### Activity
The records should be repeated word for word, pictures excluded.

### Provided data
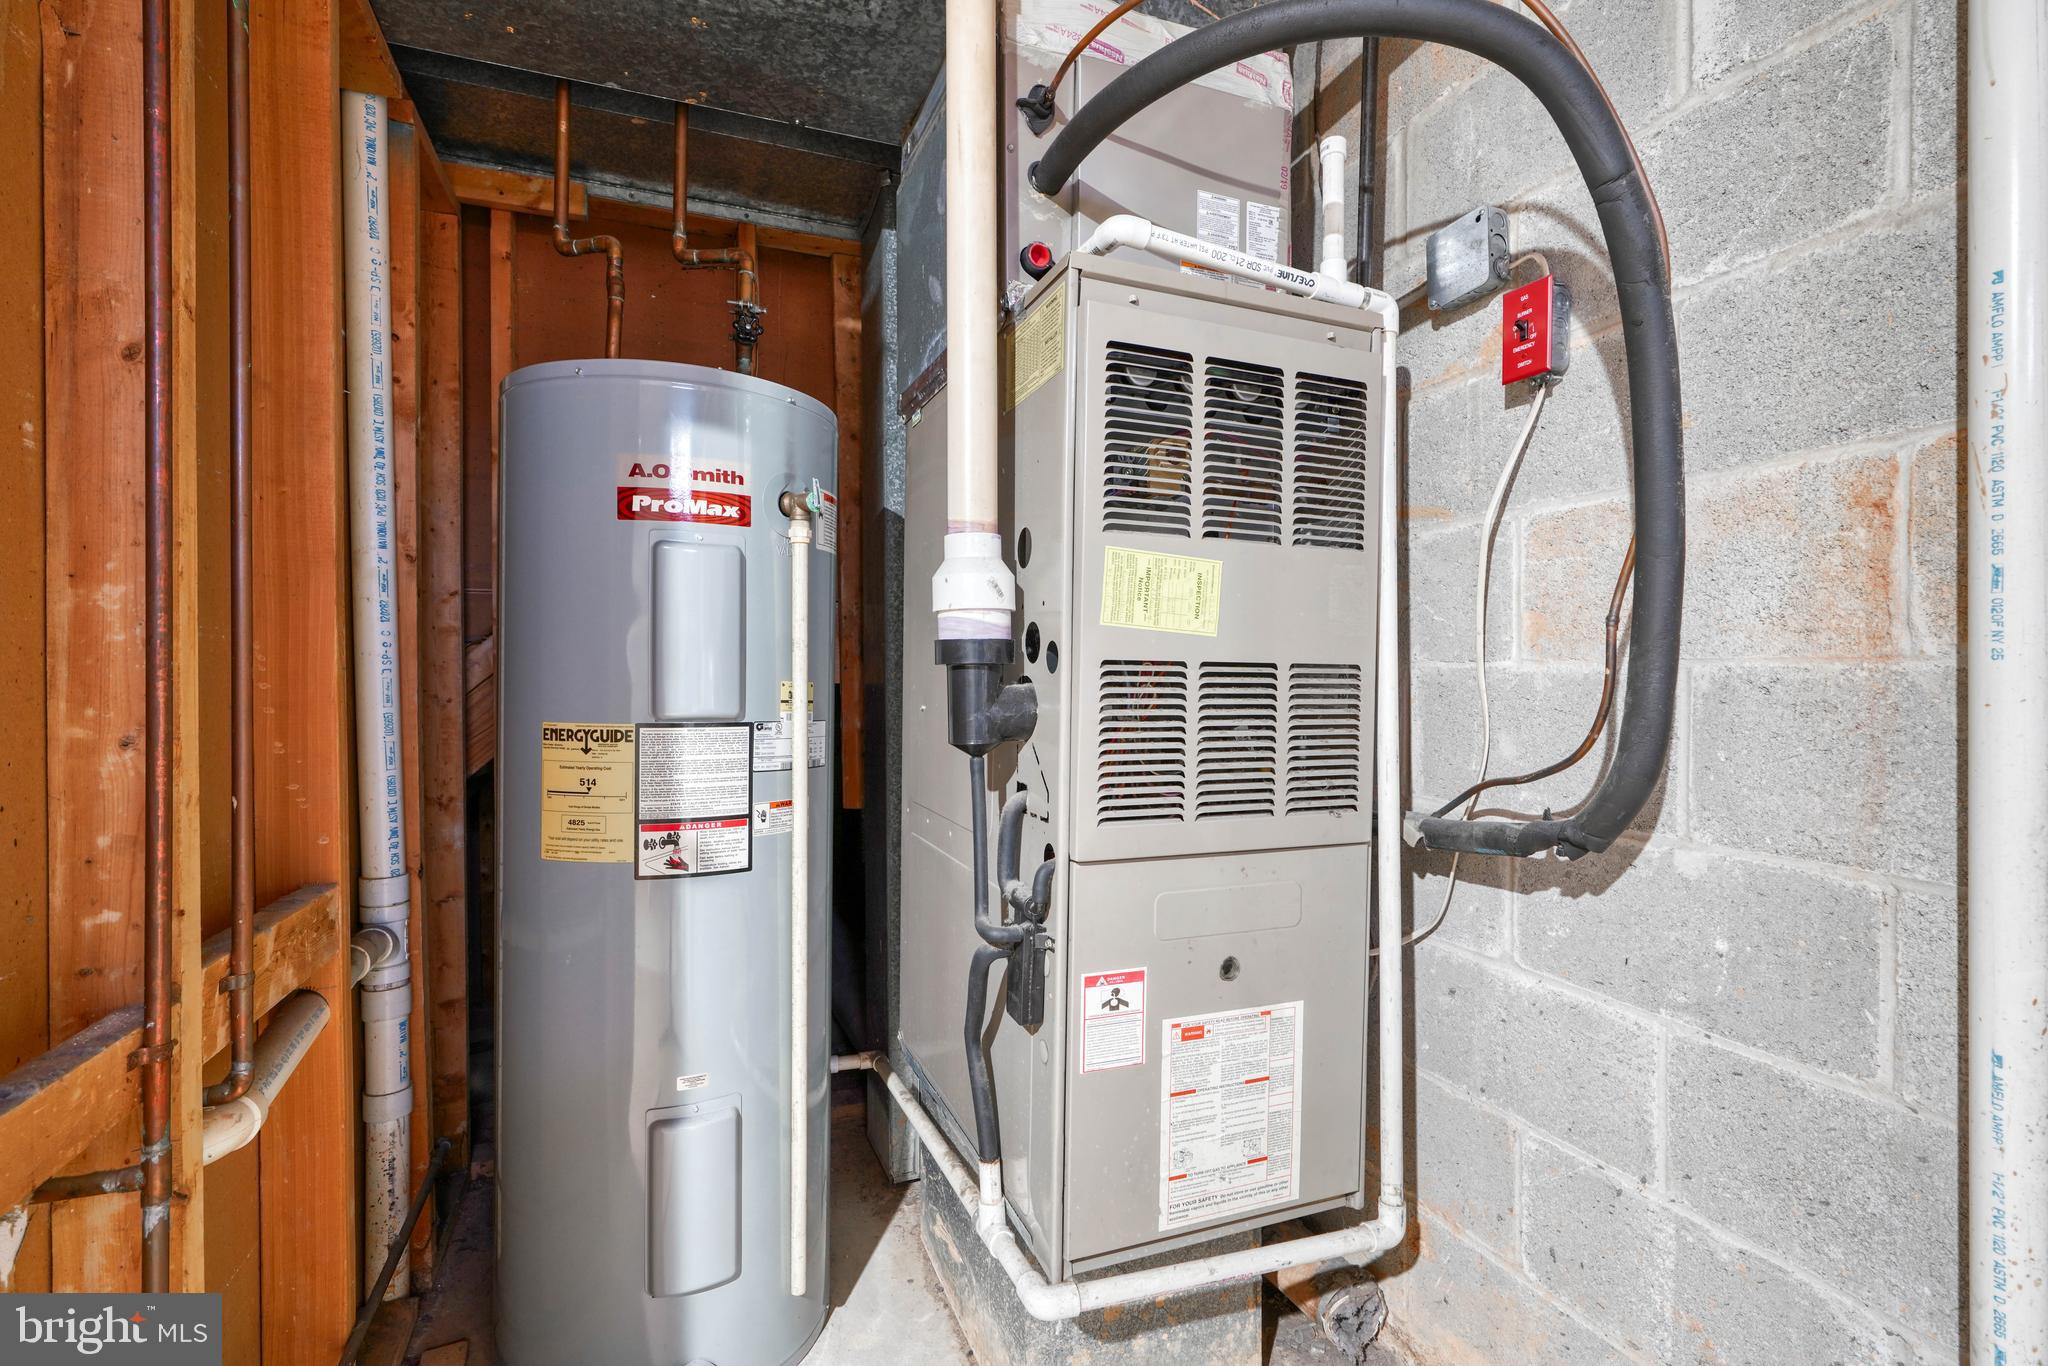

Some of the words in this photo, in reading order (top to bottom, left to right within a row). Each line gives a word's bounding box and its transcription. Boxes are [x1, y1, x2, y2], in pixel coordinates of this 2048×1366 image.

[365, 136, 377, 166] NATIONAL
[1211, 249, 1228, 262] 200
[1236, 257, 1246, 267] 21
[1247, 260, 1262, 272] SDR
[1991, 424, 2004, 447] PVC
[1991, 451, 2004, 472] 1120
[1992, 480, 2004, 508] ASTM
[632, 494, 740, 518] ProMax
[376, 520, 388, 549] NATIONAL
[1992, 528, 2004, 556] 2665
[1143, 566, 1152, 614] IMPORTANT
[1194, 572, 1203, 620] INSPECTION
[1991, 630, 2004, 644] NY
[1991, 648, 2004, 661] 25
[543, 728, 634, 743] ENERGYGUIDE
[580, 778, 596, 786] 514
[1198, 1195, 1218, 1204] SAFETY
[1992, 1207, 2006, 1230] PVC
[1992, 1234, 2006, 1257] 1120
[1993, 1260, 2006, 1292] ASTM
[1994, 1295, 2006, 1305] D
[1993, 1309, 2006, 1339] 2665
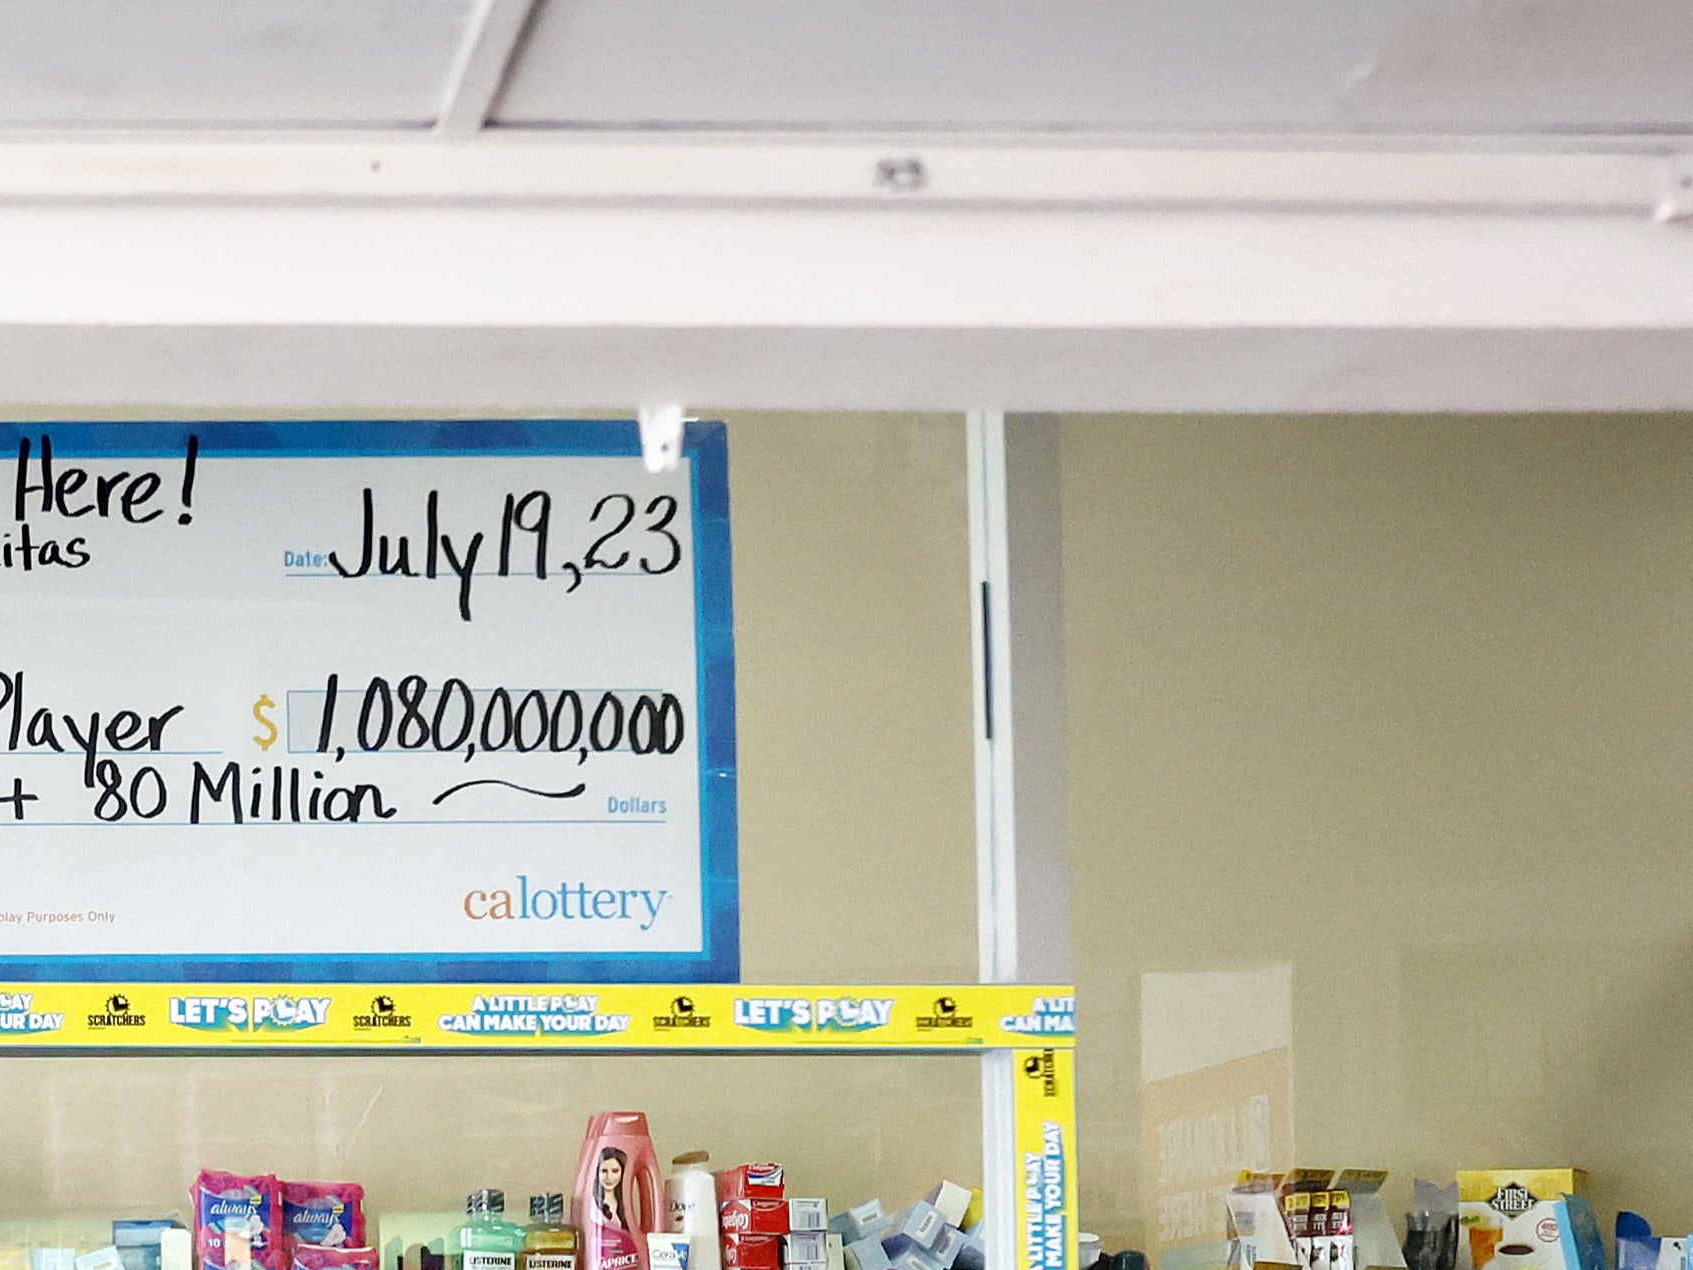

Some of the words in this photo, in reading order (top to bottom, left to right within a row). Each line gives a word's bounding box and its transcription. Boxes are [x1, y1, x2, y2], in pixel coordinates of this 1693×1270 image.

[15, 435, 198, 526] Here!
[284, 550, 327, 567] Date:
[328, 487, 484, 622] July
[497, 489, 682, 593] 19,23
[252, 694, 278, 751] $
[316, 673, 684, 763] 1,080,000,000
[93, 759, 167, 822] 80
[191, 759, 397, 824] Million
[607, 796, 667, 814] Dollars
[463, 875, 668, 931] calottery
[26, 910, 85, 927] Purposes
[88, 910, 116, 926] Only
[734, 999, 810, 1025] LET'S
[211, 1200, 258, 1219] always
[293, 1210, 340, 1227] always
[208, 1238, 221, 1248] 10
[469, 1256, 512, 1266] LISTERINE
[529, 1259, 573, 1269] LISTERINE
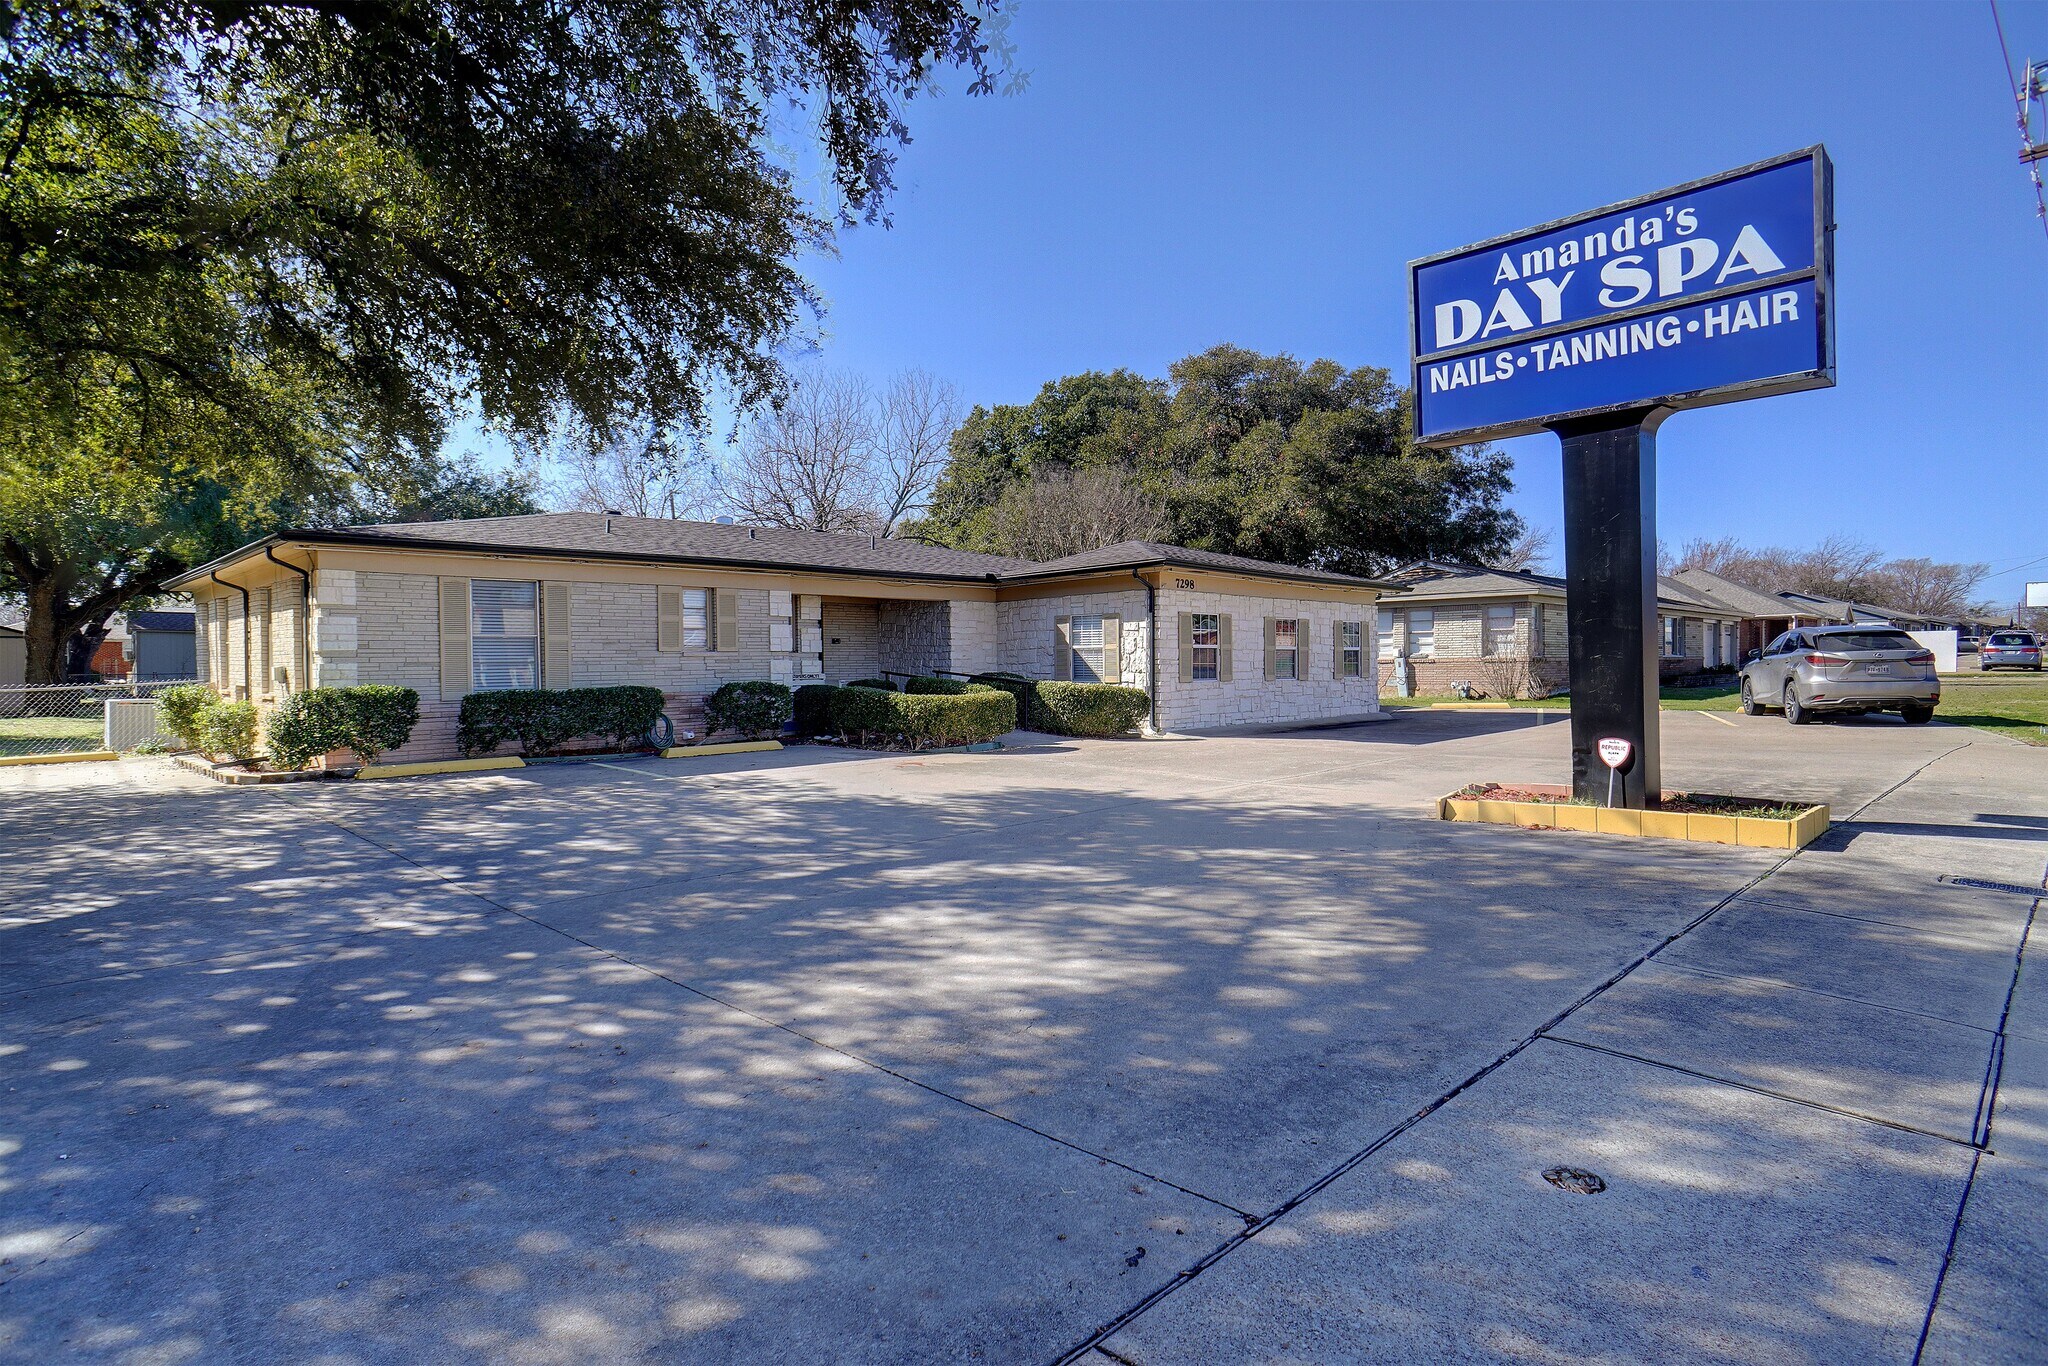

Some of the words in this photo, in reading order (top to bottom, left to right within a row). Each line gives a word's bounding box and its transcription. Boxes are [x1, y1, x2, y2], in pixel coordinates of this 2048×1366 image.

[1434, 270, 1576, 349] DAY
[1598, 224, 1786, 309] SPA
[1493, 205, 1699, 285] Amanda's
[1429, 351, 1515, 394] NAILS
[1530, 315, 1682, 373] TANNING
[1704, 290, 1799, 339] HAIR
[1175, 578, 1195, 589] 7298

### Completed task
Some of the words in this photo, in reading order (top to bottom, left to right within a row). Each line gives a word's bounding box and its transcription. Boxes are [x1, y1, x2, y2], in pixel coordinates of this 2048×1366 image.

[365, 136, 377, 166] NATIONAL
[1211, 249, 1228, 262] 200
[1236, 257, 1246, 267] 21
[1247, 260, 1262, 272] SDR
[1991, 424, 2004, 447] PVC
[1991, 451, 2004, 472] 1120
[1992, 480, 2004, 508] ASTM
[632, 494, 740, 518] ProMax
[376, 520, 388, 549] NATIONAL
[1992, 528, 2004, 556] 2665
[1143, 566, 1152, 614] IMPORTANT
[1194, 572, 1203, 620] INSPECTION
[1991, 630, 2004, 644] NY
[1991, 648, 2004, 661] 25
[543, 728, 634, 743] ENERGYGUIDE
[580, 778, 596, 786] 514
[1198, 1195, 1218, 1204] SAFETY
[1992, 1207, 2006, 1230] PVC
[1992, 1234, 2006, 1257] 1120
[1993, 1260, 2006, 1292] ASTM
[1994, 1295, 2006, 1305] D
[1993, 1309, 2006, 1339] 2665

Some of the words in this photo, in reading order (top to bottom, left to right within a row). Each line gives a word's bounding box and its transcription. Boxes are [x1, y1, x2, y2], in pixel coordinates of this 1693×1270 image.

[15, 435, 198, 526] Here!
[284, 550, 327, 567] Date:
[328, 487, 484, 622] July
[497, 489, 682, 593] 19,23
[252, 694, 278, 751] $
[316, 673, 684, 763] 1,080,000,000
[93, 759, 167, 822] 80
[191, 759, 397, 824] Million
[607, 796, 667, 814] Dollars
[463, 875, 668, 931] calottery
[26, 910, 85, 927] Purposes
[88, 910, 116, 926] Only
[734, 999, 810, 1025] LET'S
[211, 1200, 258, 1219] always
[293, 1210, 340, 1227] always
[208, 1238, 221, 1248] 10
[469, 1256, 512, 1266] LISTERINE
[529, 1259, 573, 1269] LISTERINE

Some of the words in this photo, in reading order (top to bottom, left to right within a row). Each line gives a word's bounding box and its transcription. Boxes are [x1, y1, x2, y2], in pixel coordinates of this 2048×1366 image.

[1434, 270, 1576, 349] DAY
[1598, 224, 1786, 309] SPA
[1493, 205, 1699, 285] Amanda's
[1429, 351, 1515, 394] NAILS
[1530, 315, 1682, 373] TANNING
[1704, 290, 1799, 339] HAIR
[1175, 578, 1195, 589] 7298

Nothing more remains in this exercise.